Right-handed vs left-handed, line by line
Fix x pointing right and y pointing up.
The only freedom left is where z goes — and the
cross product
decides it for us. By definition the cross product of the first two basis vectors gives the
third, and the right-hand rule fixes its direction.
Step 1 — curl from x to y with your right hand. Point your right
fingers along +x, curl them toward +y;
your thumb points out of the screen, toward you. The cross product agrees:
\hat{x} \times \hat{y} = +\hat{z} \qquad (\text{right-handed: } +z \text{ comes toward you}).
Step 2 — do it again with your left hand. Same curl from
+x to +y, but the
left thumb points into the screen, away from you. To keep the cross-product
rule, the whole frame flips the sign of z:
\hat{x} \times \hat{y} = -\hat{z} \qquad (\text{left-handed: } +z \text{ goes into the screen}).
Step 3 — read off the consequence. The two frames differ by a single sign
flip on one axis, a mirror reflection. There is no rotation that turns one into the
other — a left hand is not a rotated right hand. So every quantity built from the cross
product (a surface normal, a torque, "which way is out") points the
opposite way between the two conventions.

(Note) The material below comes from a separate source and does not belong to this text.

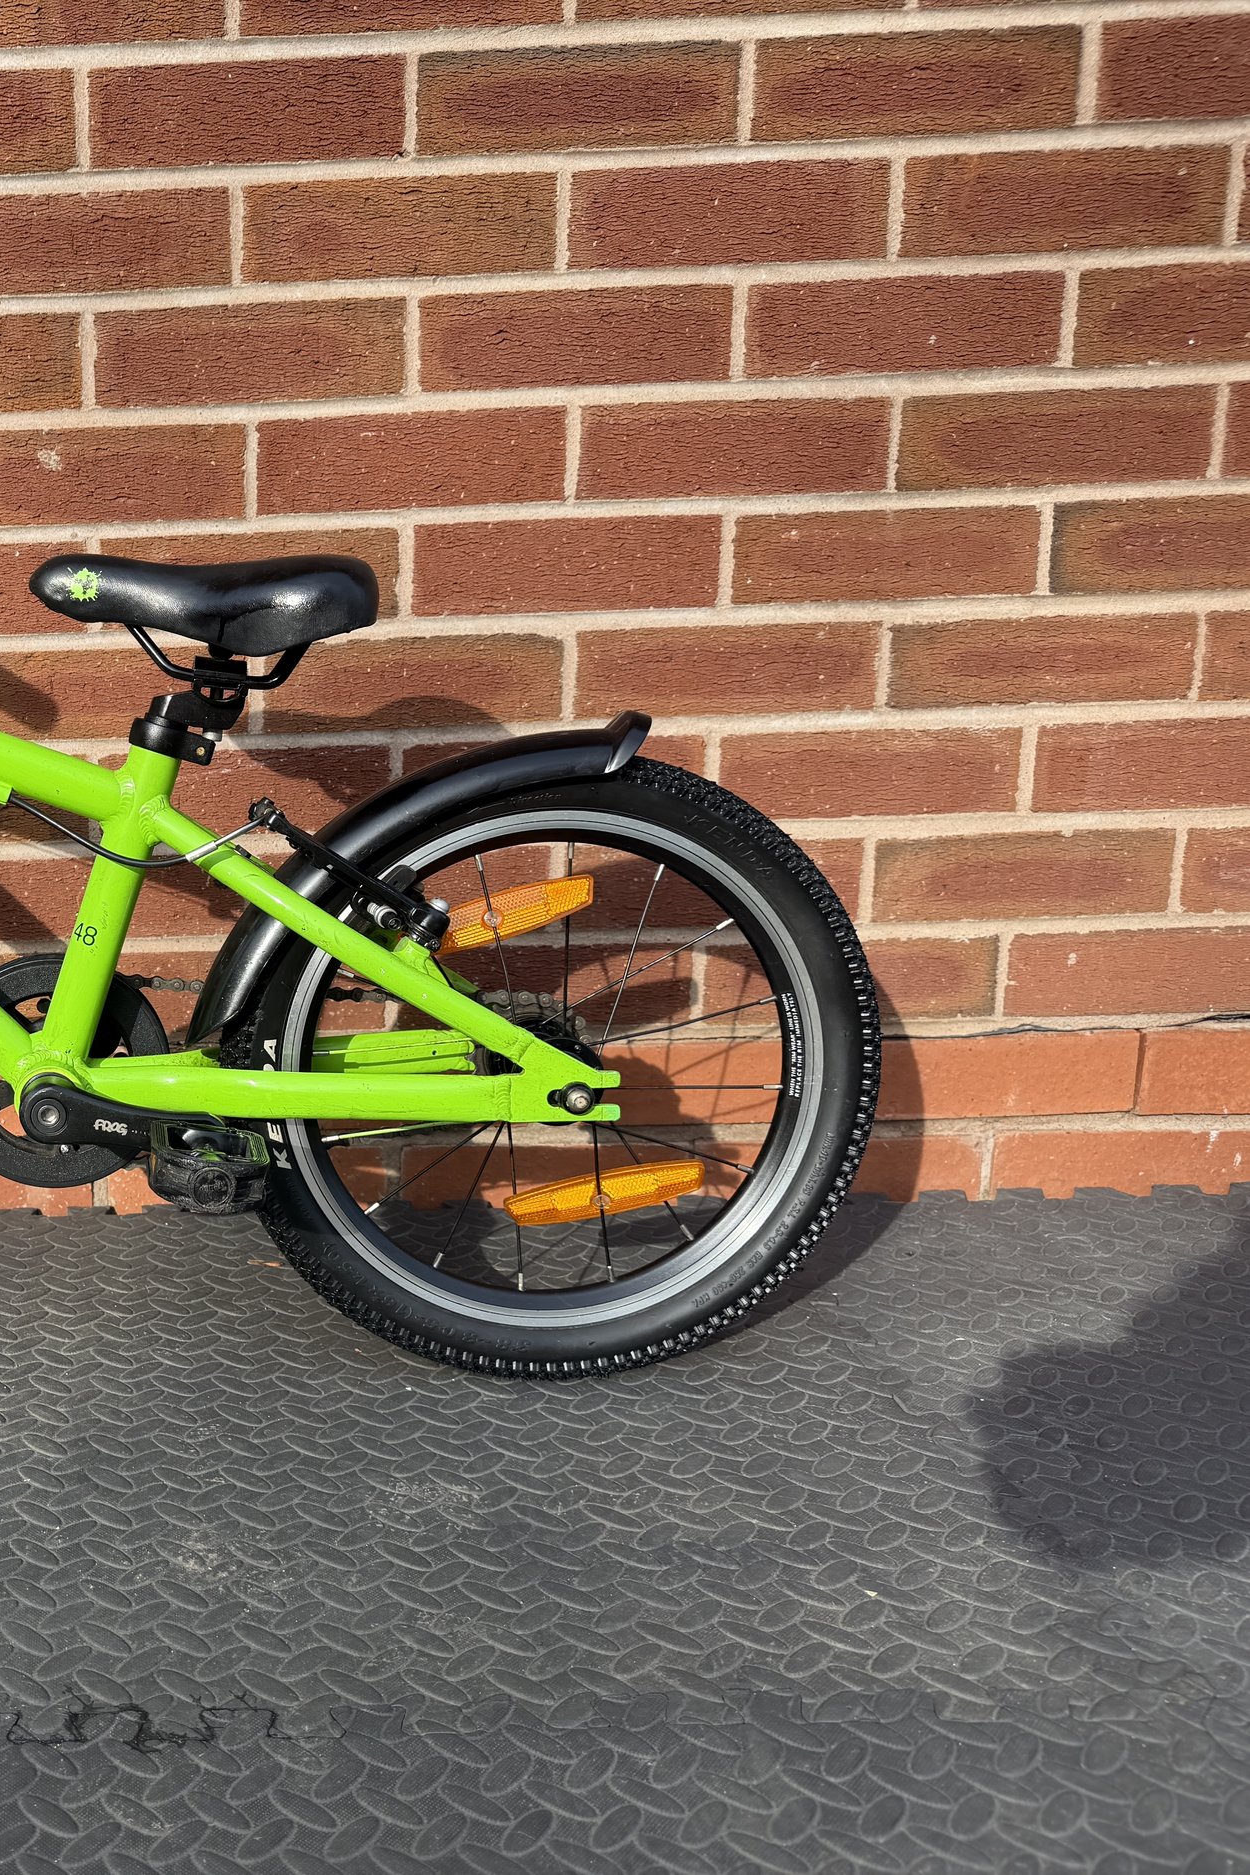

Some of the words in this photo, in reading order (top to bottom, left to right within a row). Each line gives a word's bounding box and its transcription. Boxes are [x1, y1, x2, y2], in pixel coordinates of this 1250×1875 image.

(\vec{a} \times \vec{b})_{\text{left}} = -\,(\vec{a} \times \vec{b})_{\text{right}}.
Step 4 — and the engines really do disagree. This is not a textbook
nicety. OpenGL (and Maya, and the usual maths convention) is
right-handed; DirectX and Unity are left-handed. Port a
mesh between them without flipping a z and it comes out mirrored.
Two more conventions that bite
Handedness is the famous one, but two cousins cause just as many late nights.
The "up" axis. Even among right-handed frames, engines disagree on which
axis points up. Many graphics engines are y-up
(y is the sky); many modelling tools and CAD systems are
z-up (z is the sky,
y goes into the distance). Import a z-up model into a y-up engine
and it lies on its back.
Row vs column vectors. Is a vector a tall column the matrix multiplies on
the right (M\vec{v}, the OpenGL/maths convention), or a wide row it
multiplies on the left (\vec{v}\,M, the DirectX convention)? The
two store the transpose of each other's matrices, and chain transforms in the
opposite order. Mix them up and your rotations compose backwards.
A 3-D coordinate frame is three axes
\hat{x}, \hat{y}, \hat{z} through an origin. Its conventions are
not universal:
-
Handedness — set by the cross product: a frame is
right-handed when \hat{x} \times \hat{y} = +\hat{z}
(the right-hand rule; +z toward you) and
left-handed when \hat{x} \times \hat{y} = -\hat{z}
(+z into the screen).
-
A mirror, not a rotation — the two frames differ by a sign flip on one
axis, so no rotation maps one to the other and every cross product reverses between them.
-
Engines differ — OpenGL is right-handed, DirectX/Unity are left-handed.
-
Up-axis & vector conventions vary too — y-up vs z-up, and row-vector
(\vec{v}M) vs column-vector (M\vec{v})
matrix layouts (transposes of one another).
When a handedness mismatch slips through, the symptoms are weirdly specific. Models come
out mirrored — text on a sign reads backwards, a character's holster jumps
to the wrong hip. Triangle winding order reverses, so the engine thinks
every front face is a back face: surfaces turn inside-out, and either the
whole model vanishes (back faces culled) or its insides render while its outsides don't.
Lighting goes haywire too, because the surface normal — a cross product — now
points into the wall: lit faces go dark and shadowed faces glow. The usual fix is
a single reflection — negate the z column of the conversion
matrix and reverse the winding — applied once, consistently, at the import boundary. Apply
it twice and you are back where you started, which is its own special kind of bug.